A GE spokesman Tuesday told The Daily Gazette that there are no anticipated job cuts in the Capital Region. Some other responses to questions from The Gazette:
There’s no plan to remove the towering GENERAL ELECTRIC sign from Building 37, at the foot of Erie Boulevard in Schenectady.
There’s no indication what the new name will be for the GE Power spinoff — which presumably will own and occupy Building 37 — but it won’t be “General Electric.”
GE Research in Niskayuna will remain part of General Electric; the specific details of GE Research’s interaction with former GE businesses are not known at this early point.
The GE pension plan is funded and secure; its obligations will be distributed among the businesses, and all employees will retain their accrued benefits.
GE remains an important part of the Capital Region economy, but Schenectady’s days as a company town are gone.
GE long ago moved its headquarters out of Schenectady, and more recently stopped calling Schenectady the headquarters for GE Power.
General Electric’s workforce at the Schenectady/Rotterdam campus has dropped roughly 90% in the last 50 years, and its Niskayuna workforce has shrunk by an undisclosed but lesser percentage.
Globally, the company dropped from 295,000 employees in 2020 to 174,000 in 2016, or 41%, through a combination of cuts and business sales. The four-year decrease was even greater within U.S. borders: 46%.

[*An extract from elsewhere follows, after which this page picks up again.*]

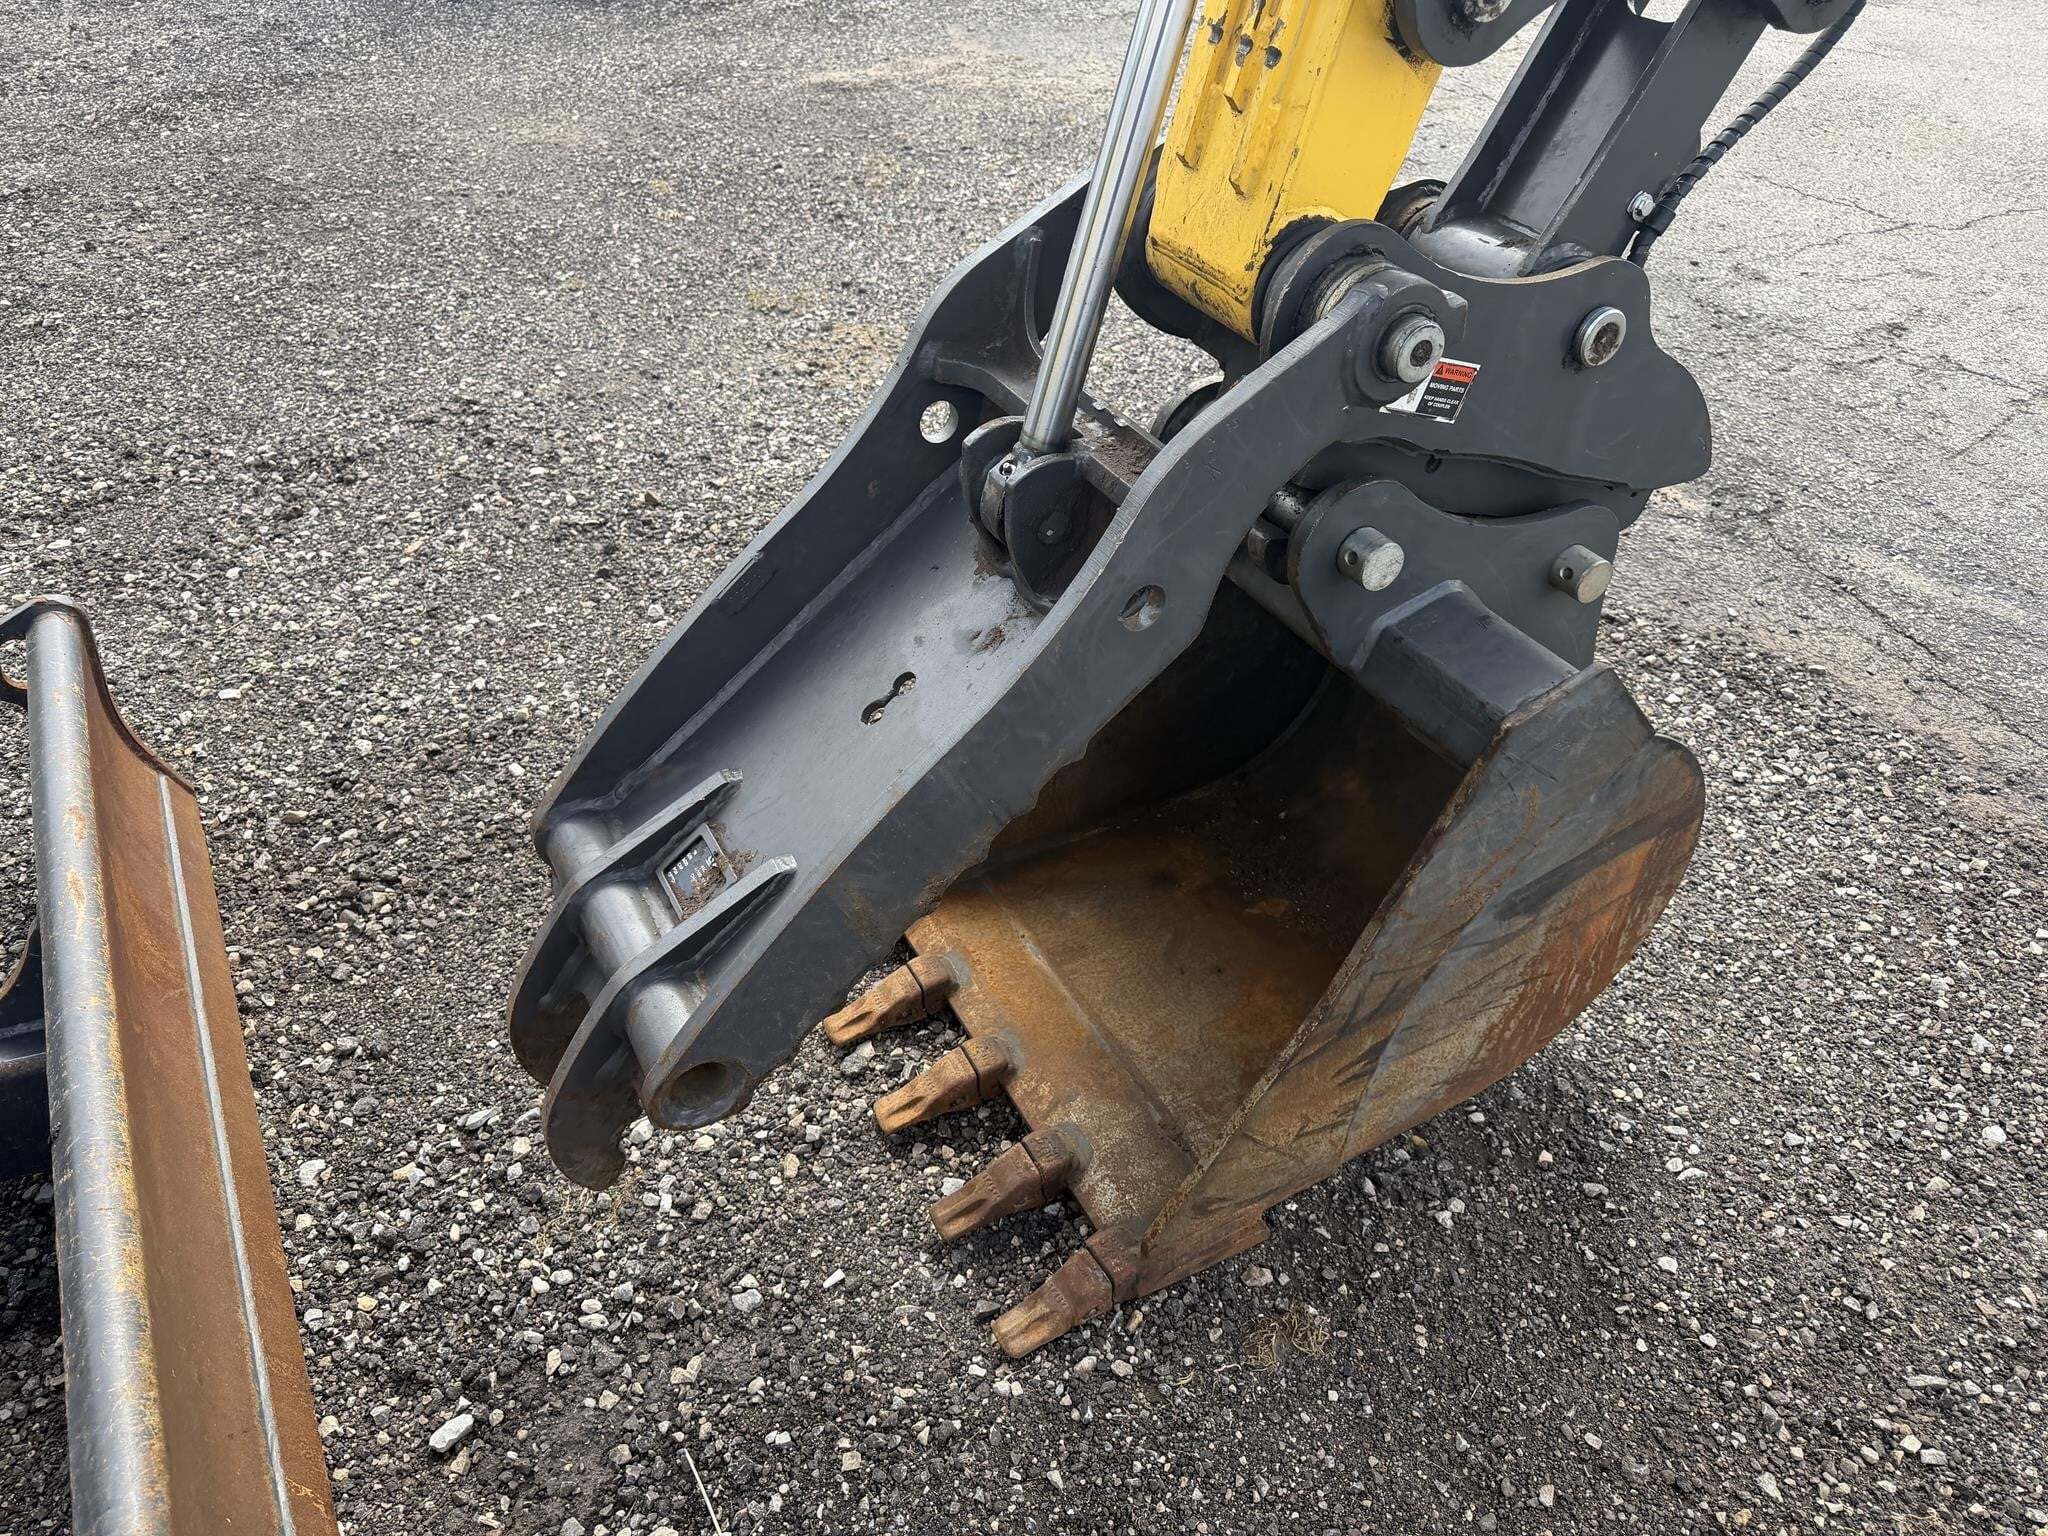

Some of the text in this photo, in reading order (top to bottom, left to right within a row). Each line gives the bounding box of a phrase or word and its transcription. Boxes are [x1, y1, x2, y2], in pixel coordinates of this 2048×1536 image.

The domestic slide is even greater over time: The company placed its U.S. payroll in December 2020 at 56,000; IUE-CWA placed GE’s domestic workforce at 277,000 in 1989.
But the company is still a key piece of the industrial landscape, locally and around the world, and continues to position itself for the future.
Culp noted Monday that over a billion patient scans are done per year on over 4 million GE medical imaging devices, GE power equipment generates a third of the world’s electricity, and GE jet engines propel two-thirds of the world’s commercial flights. And it has cut its debt by $75 billion since 2018.